Я даже слышу эту мелодию и вижу, как она их делает молодыми, красивыми, любящими. Вот Ярия Зиннатовна наклонила свою голову в цветном платке на плечо Николая Ивановича и засмущалась, а он взял ее сухонькую ладошку и положил к себе на колени, как в былые годы, когда еще проживали вместе с родителями в плохонькой избенке, которая им казалась  хоромами. А тот кусочек загрязненного белого сахара казался ей чудом.

Ни чудо ли это, спустя 60 лет, встретить два великих праздника в один год, живыми, здоровыми, а главное – в душе еще молодыми.

Весна 50-го года. Как это было? Наверное, музыка во дворе, с утра до ночи поет с пластинки К.Шульженко, пьянящий аромат сирени, смешанный с запахом черемухи…

«Нет-нет, ничего этого не было. В деревне остались только старики и дети. Света в поселке не было, да и керосина-то в избытке не найти во дворе – во всем экономия. Помню, расписались в сельсовете, дали нам в руки бумажку  печатью (глаза Николая Ивановича увлажнились), и пошли мы вдвоем сразу на … ток».

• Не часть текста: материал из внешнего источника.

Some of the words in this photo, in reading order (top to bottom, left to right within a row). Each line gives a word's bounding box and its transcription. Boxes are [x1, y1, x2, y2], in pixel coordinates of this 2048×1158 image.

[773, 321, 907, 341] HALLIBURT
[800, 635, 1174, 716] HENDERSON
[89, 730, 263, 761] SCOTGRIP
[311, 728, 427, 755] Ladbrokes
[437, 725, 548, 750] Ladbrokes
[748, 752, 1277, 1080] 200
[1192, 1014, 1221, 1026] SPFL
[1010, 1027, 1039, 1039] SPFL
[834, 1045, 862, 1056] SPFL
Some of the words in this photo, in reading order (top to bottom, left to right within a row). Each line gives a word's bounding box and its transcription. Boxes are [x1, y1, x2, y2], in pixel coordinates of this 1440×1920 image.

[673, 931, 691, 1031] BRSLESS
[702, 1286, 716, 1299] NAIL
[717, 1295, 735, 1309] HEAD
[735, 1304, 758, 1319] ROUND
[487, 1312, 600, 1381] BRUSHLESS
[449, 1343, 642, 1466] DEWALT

«Нет, не так, а задами, в ближайшую рощу. Ну как это, роща еще молодая разрослась тогда весной, а после, ровно через девять месяцев, родился у нас Женя, старшой», - вдруг вмешалась Ярия Зиннатовна. Она все это время тихо сидела у окна и почему-то руками наглаживала свой цветной фартук, вычерчивая на нем замысловатые узоры.

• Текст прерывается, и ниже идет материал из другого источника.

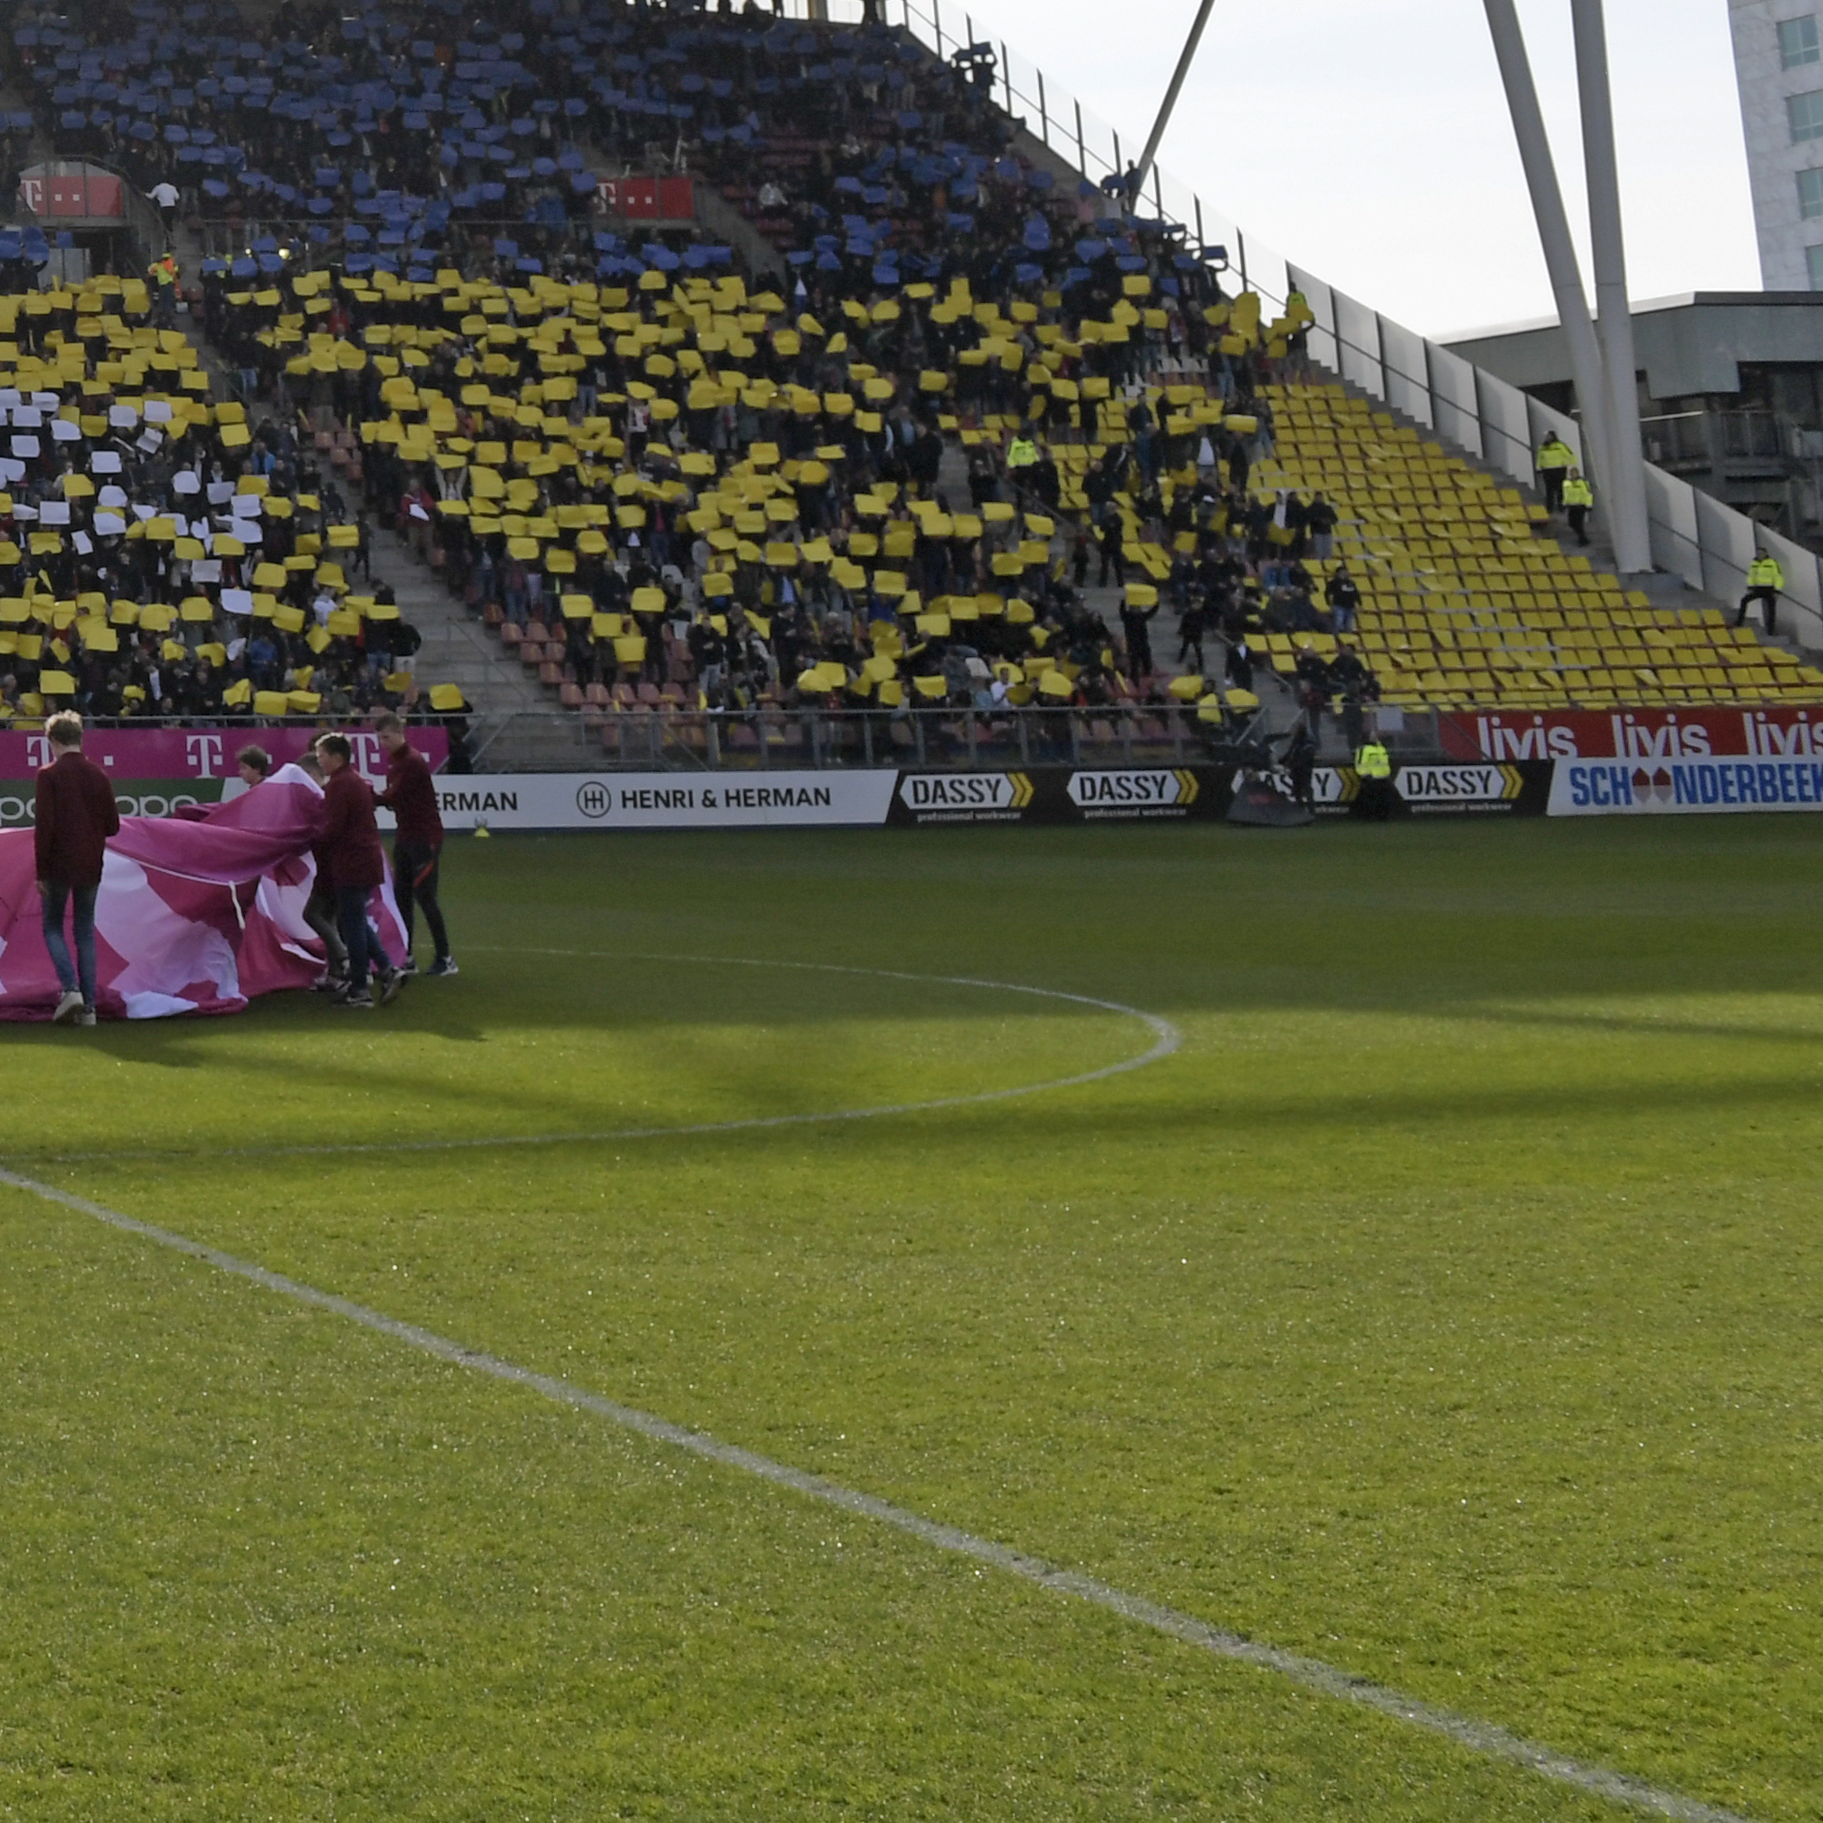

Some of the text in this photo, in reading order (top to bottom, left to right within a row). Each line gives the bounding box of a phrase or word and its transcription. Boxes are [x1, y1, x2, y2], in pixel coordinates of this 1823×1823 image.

[1477, 715, 1578, 760] livis
[1611, 713, 1712, 757] livis
[912, 778, 1001, 805] DASSY
[1079, 774, 1169, 801] DASSY
[1406, 769, 1494, 796] DASSY
[434, 791, 518, 812] ERMAN
[620, 789, 694, 809] HENRI
[701, 788, 718, 809] &
[725, 786, 831, 808] HERMAN

Николай Иванович перевел взгляд с окна  на жену, смутился и улыбнулся загадочно, но ничего не сказал. Помнил, еще как помнил…

А я «кручу» свое цветное кино. Вот, взявшись за руки, молодые, красивые (Николай Иванович ростом 182 см и Ярия Зиннатовна под стать ему) по заросшей зеленой тропинке идут в рощу, а под ногами густая трава покорно ложится по следу ног, выстилая перед молодыми дорогу, длиною в долгую жизнь, 60 из которых уже прожито. А потом… «А потом Коля пошел в МТС, ему тогда трактор дали, а я  - на ток, семена надо было сортировать», - проговорила Ярия Зиннатовна. Затем встала как-то бочком, поправляя платочек, вышла в другую комнату. Николай Иванович вздохнул: «Переживает, а ей нельзя, давление…».

Послышался скрип открывающегося серванта (вначале я подумала, что хозяйка вышла за посудой), но на пороге Ярия Зиннатовна с небольшой коробкой из-под обуви в руках. «Фотографии?», - гадала я. Бережно положив на стол, она открыла крышку: запах крепкого табака вперемешку с нафталином наполнил комнату. Да что же там?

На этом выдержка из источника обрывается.